Doğu bölgelerimizde, batıya göre güneş erken doğuyor, erken batıyor. Buna karşın, Gümüşhane’de bile çocuklar sabahın alaca karanlığında okullara gitmek zorunda kalıyor.
Başta Avrupa ülkeleri olmak üzere, güneyimizdeki ve kuzeyimizdeki ülkelere uyum sağlamak açısından da olsa saat uygulamasına geçmeliyiz.
Şu anda Antalya’dayım. İlk gençlik yıllarımdan bu yana sabahları erken kalkarım. Antalya’da da erken kalkıyorum. Liseye giden torunum, benimle aynı saatte kalkıyor. Yani, sabah namazı ezanının okunmasından önce ayakta torunum. Hava karanlık. Çoğu kez kahvaltı yapmadan okula gidiyor. Konu, elbette torunumun erken kalkıp kalkmaması değil. Tüm öğrenciler aynı sıkıntıyı çekiyor. Servislerle okula gidip gelmeyenler için ulaşım araçları bulmakta zorluk çekmiyorlar. Ama güvenlik açısından, özellikle kız çocukları için bazı sıkıntıların da olmadığını söyleyemiyorum. .

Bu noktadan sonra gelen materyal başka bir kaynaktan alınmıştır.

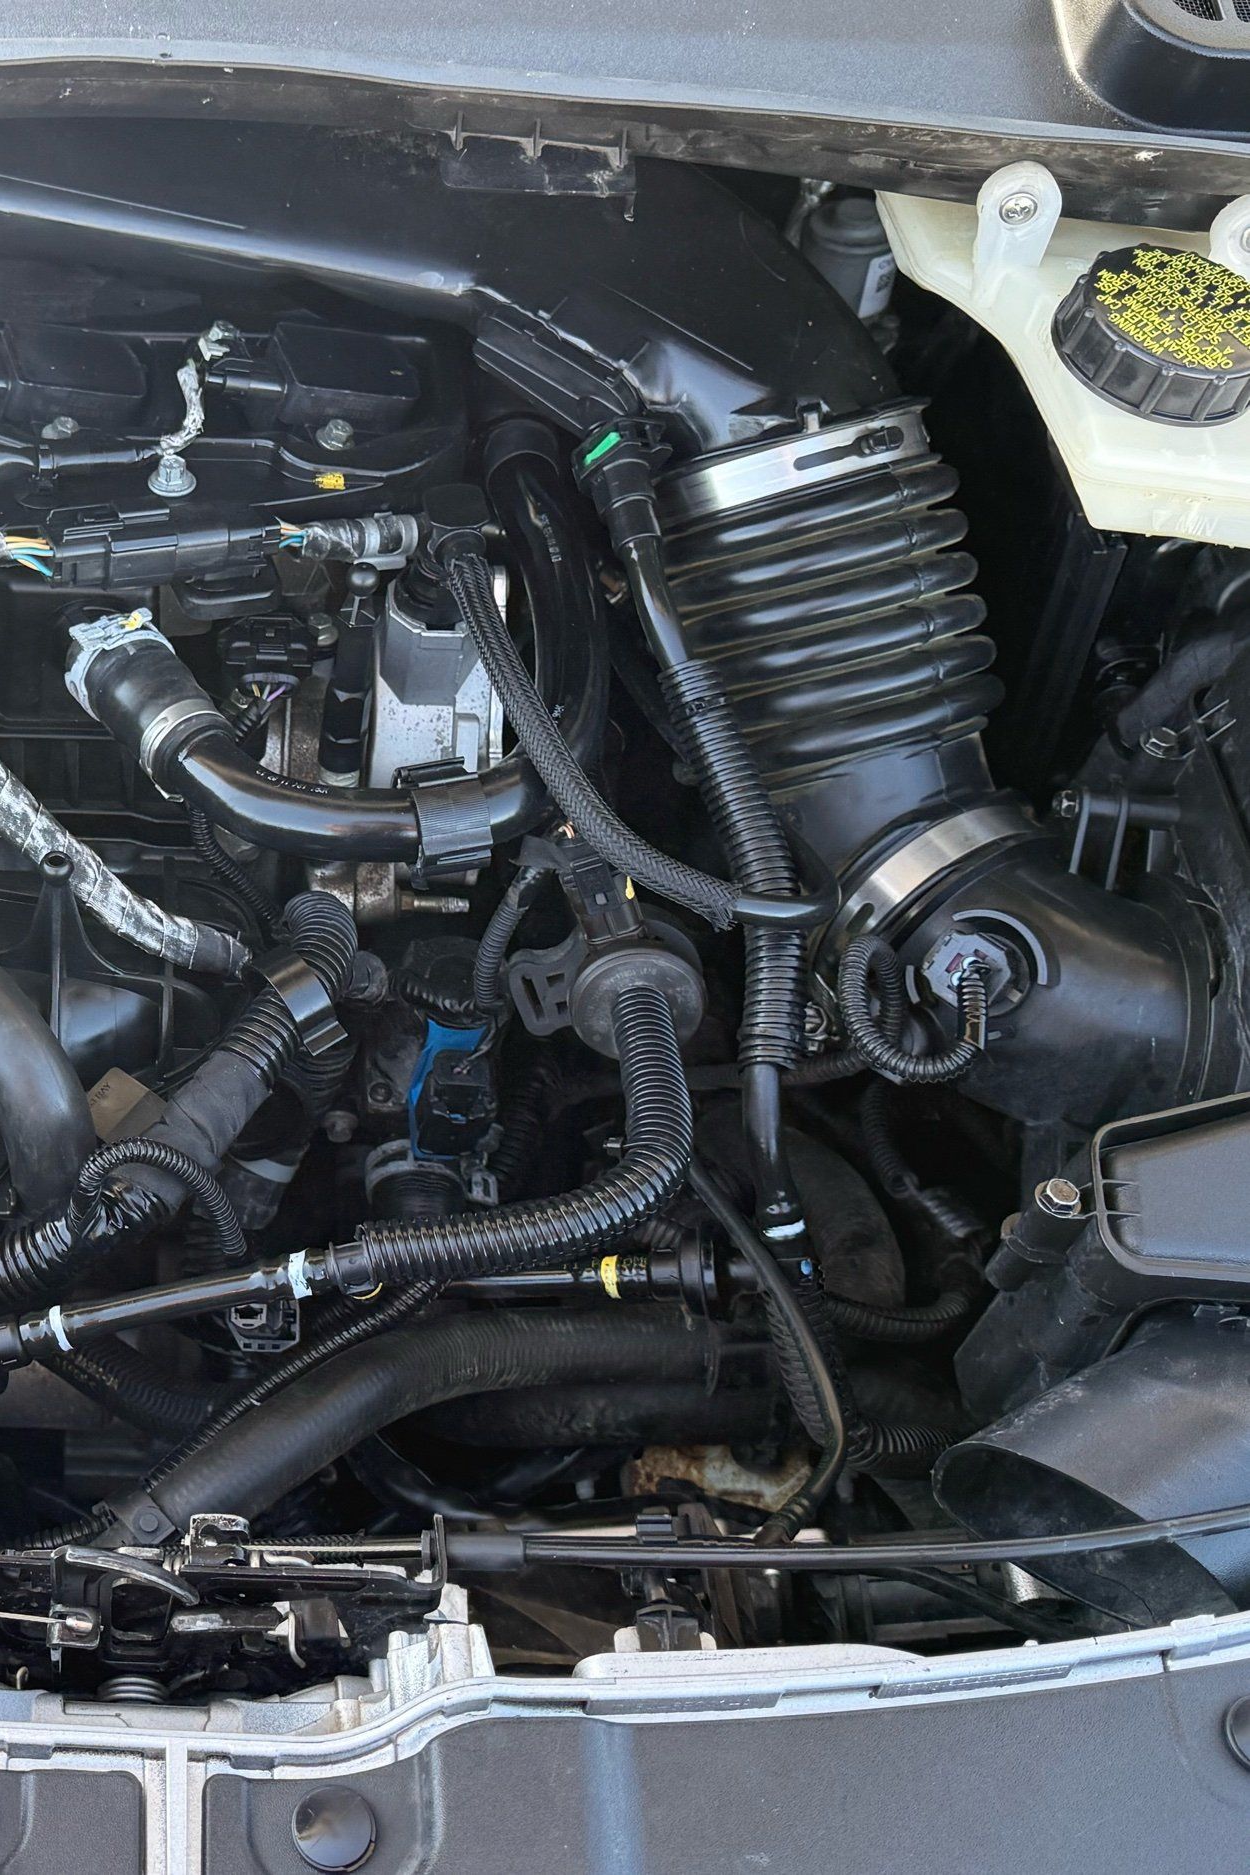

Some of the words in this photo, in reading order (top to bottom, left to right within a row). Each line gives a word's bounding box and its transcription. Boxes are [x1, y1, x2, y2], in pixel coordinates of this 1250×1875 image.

Ülkeyi yönetenlerin bu konuyu bir kez daha düşünmeli ve karar vermeli.
Uzun yıllar önce yakış saat uygulaması yaptığımızda akılsızlık mı ettik?
Akılsızlık ettiğimizi sanmıyorum. Biz, diğer ülkelerden daha iyi düşünerek bu uygulamayı durdurmadık herhalde.
Zaman geçmiş değil. “Zararın neresinden dönülürse, ondan sonrası kârdır” deyimi uyarınca kış saati uygulamasını başlamalıyız.